3 files changed, 38 insertions, 0 deletions

diff --git a/Mailman/Cgi/listinfo.py b/Mailman/Cgi/listinfo.py
index b8704486..91f5b6bb 100644
--- a/Mailman/Cgi/listinfo.py
+++ b/Mailman/Cgi/listinfo.py
@@ -243,6 +243,16 @@ def list_listinfo(mlist, lang):
     replacements['<mm-displang-box>'] = displang
     replacements['<mm-lang-form-start>'] = mlist.FormatFormStart('listinfo')
     replacements['<mm-fullname-box>'] = mlist.FormatBox('fullname', size=30)
+    # If reCAPTCHA is enabled, display its user interface
+    if mm_cfg.RECAPTCHA_SITE_KEY:
+        replacements['<mm-recaptcha-ui>'] = (
+            """<tr><td>&nbsp;</td><td>
+            <script src="https://www.google.com/recaptcha/api.js"></script>
+            <div class="g-recaptcha" data-sitekey="%s"></div>
+            </td></tr>"""
+            % mm_cfg.RECAPTCHA_SITE_KEY)
+    else:
+        replacements['<mm-recaptcha-ui>'] = ''
 
     # Do the expansion.
     doc.AddItem(mlist.ParseTags('listinfo.html', replacements, lang))
diff --git a/Mailman/Cgi/subscribe.py b/Mailman/Cgi/subscribe.py
index 232048d7..a53efefd 100755
--- a/Mailman/Cgi/subscribe.py
+++ b/Mailman/Cgi/subscribe.py
@@ -22,6 +22,9 @@ import os
 import cgi
 import time
 import signal
+import urllib
+import urllib2
+import json
 
 from Mailman import mm_cfg
 from Mailman import Utils
@@ -131,6 +134,25 @@ def process_form(mlist, doc, cgidata, lang):
              os.environ.get('HTTP_X_FORWARDED_FOR',
              os.environ.get('REMOTE_ADDR',
                             'unidentified origin')))
+
+    # Check reCAPTCHA submission, if enabled
+    if mm_cfg.RECAPTCHA_SECRET_KEY:
+        request = urllib2.Request(
+            url = 'https://www.google.com/recaptcha/api/siteverify',
+            data = urllib.urlencode({
+                'secret': mm_cfg.RECAPTCHA_SECRET_KEY,
+                'response': cgidata.getvalue('g-recaptcha-response', ''),
+                'remoteip': remote}))
+        try:
+            httpresp = urllib2.urlopen(request)
+            captcha_response = json.load(httpresp)
+            httpresp.close()
+            if not captcha_response['success']:
+                results.append(_('reCAPTCHA validation failed: %s' %
+                    ', '.join(captcha_response['error-codes'])))

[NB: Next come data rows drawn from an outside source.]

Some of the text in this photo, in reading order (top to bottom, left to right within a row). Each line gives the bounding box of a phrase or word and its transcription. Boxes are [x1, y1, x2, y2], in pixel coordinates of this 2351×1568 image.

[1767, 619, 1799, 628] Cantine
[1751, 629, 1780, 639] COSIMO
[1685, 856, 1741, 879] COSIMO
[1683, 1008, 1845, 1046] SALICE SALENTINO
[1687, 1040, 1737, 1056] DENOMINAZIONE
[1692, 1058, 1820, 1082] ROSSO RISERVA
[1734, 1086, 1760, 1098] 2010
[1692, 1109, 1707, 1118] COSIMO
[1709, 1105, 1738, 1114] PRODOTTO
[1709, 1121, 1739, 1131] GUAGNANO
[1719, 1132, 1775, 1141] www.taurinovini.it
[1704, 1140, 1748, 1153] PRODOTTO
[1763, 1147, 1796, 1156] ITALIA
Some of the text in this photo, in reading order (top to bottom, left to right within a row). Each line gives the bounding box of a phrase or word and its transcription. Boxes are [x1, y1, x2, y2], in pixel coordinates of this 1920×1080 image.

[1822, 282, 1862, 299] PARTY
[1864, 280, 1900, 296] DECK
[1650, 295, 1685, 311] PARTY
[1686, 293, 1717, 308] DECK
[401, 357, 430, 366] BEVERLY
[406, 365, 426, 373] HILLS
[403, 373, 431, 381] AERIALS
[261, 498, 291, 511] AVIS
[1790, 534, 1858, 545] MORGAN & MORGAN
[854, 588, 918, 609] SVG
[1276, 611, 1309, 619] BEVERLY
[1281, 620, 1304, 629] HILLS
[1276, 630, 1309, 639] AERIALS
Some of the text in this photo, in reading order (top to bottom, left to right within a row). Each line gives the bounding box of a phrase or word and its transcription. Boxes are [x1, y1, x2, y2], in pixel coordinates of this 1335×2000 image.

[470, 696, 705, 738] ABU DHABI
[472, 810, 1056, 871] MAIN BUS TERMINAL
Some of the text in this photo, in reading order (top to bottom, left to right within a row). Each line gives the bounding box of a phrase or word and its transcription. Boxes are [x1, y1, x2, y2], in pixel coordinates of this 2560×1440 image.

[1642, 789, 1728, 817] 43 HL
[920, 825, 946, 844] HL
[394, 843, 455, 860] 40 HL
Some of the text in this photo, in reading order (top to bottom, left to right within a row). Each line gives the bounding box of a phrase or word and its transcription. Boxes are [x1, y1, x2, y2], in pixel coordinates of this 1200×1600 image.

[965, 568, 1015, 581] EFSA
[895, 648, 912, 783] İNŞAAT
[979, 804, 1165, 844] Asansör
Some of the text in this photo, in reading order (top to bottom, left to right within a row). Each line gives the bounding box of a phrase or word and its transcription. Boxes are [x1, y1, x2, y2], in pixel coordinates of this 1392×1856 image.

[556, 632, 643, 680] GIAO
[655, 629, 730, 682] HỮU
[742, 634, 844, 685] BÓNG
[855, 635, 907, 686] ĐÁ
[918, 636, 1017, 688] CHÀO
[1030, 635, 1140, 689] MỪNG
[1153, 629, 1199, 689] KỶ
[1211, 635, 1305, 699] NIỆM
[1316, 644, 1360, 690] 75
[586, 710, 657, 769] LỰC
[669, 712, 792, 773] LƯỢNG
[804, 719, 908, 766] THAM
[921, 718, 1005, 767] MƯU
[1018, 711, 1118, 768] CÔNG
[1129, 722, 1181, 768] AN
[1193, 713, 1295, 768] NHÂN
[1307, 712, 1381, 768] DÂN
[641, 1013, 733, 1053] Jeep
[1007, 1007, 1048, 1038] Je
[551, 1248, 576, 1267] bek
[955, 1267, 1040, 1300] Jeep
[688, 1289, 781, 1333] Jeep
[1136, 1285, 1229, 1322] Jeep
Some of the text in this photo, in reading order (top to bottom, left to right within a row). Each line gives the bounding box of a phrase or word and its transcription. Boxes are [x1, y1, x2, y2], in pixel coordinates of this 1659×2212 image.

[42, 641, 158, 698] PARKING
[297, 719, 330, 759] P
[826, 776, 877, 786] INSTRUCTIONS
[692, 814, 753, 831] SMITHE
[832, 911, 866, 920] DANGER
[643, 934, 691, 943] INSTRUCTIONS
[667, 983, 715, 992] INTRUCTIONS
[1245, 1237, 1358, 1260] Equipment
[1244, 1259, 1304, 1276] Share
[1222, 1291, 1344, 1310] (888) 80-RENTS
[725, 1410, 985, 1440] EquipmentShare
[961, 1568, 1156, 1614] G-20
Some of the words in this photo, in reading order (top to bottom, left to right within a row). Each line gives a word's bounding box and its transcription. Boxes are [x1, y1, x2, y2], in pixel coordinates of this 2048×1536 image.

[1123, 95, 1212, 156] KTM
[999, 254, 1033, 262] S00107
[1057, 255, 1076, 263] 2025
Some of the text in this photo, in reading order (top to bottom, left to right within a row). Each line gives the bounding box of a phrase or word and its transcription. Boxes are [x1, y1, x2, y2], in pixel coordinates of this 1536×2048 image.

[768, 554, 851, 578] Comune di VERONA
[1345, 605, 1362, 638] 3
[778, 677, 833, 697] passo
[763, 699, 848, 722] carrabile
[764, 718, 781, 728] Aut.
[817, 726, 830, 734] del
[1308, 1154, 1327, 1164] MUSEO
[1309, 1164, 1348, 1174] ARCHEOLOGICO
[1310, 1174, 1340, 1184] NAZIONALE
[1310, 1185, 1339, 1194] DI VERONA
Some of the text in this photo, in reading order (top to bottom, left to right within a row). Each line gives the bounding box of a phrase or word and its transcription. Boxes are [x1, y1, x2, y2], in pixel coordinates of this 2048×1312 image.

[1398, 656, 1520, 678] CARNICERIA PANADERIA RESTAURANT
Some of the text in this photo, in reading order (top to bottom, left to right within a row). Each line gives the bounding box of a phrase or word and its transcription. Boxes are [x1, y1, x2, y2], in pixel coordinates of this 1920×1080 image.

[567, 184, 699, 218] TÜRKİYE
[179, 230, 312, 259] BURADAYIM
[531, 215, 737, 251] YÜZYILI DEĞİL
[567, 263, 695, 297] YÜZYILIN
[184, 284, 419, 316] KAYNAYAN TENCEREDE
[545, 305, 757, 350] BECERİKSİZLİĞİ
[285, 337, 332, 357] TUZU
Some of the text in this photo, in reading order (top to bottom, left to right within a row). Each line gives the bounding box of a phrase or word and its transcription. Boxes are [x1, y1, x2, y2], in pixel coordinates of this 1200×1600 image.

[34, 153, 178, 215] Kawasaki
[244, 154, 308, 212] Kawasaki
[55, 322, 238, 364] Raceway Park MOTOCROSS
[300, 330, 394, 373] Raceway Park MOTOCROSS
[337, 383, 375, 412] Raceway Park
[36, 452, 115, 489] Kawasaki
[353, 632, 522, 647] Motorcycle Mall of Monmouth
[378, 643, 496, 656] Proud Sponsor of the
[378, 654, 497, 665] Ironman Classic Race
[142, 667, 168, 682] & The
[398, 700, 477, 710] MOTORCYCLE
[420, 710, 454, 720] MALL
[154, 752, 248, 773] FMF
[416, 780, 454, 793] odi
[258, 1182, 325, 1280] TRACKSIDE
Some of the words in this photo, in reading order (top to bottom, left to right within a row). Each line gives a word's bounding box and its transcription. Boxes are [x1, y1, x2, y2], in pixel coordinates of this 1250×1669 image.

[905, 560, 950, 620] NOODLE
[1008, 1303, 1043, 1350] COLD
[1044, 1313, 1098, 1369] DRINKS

+        except urllib2.URLError as e:
+            results.append(_('reCAPTCHA could not be validated: %s' % e.reason))
+
     # Are we checking the hidden data?
     if mm_cfg.SUBSCRIBE_FORM_SECRET:
         now = int(time.time())
diff --git a/Mailman/Defaults.py.in b/Mailman/Defaults.py.in
index 309d0ba3..3446aa8d 100755
--- a/Mailman/Defaults.py.in
+++ b/Mailman/Defaults.py.in
@@ -131,6 +131,12 @@ SUBSCRIBE_FORM_SECRET = None
 # test.
 SUBSCRIBE_FORM_MIN_TIME = seconds(5)
 
+# Use Google reCAPTCHA to protect the subscription form from spam bots.  The
+# following must be set to a pair of keys issued by the reCAPTCHA service at
+# https://www.google.com/recaptcha/
+RECAPTCHA_SITE_KEY = None
+RECAPTCHA_SECRET_KEY = None
+
 # Installation wide ban list.  This is a list of email addresses and regexp
 # patterns (beginning with ^) which are not allowed to subscribe to any lists
 # in the installation.  This supplements the individual list's ban_list.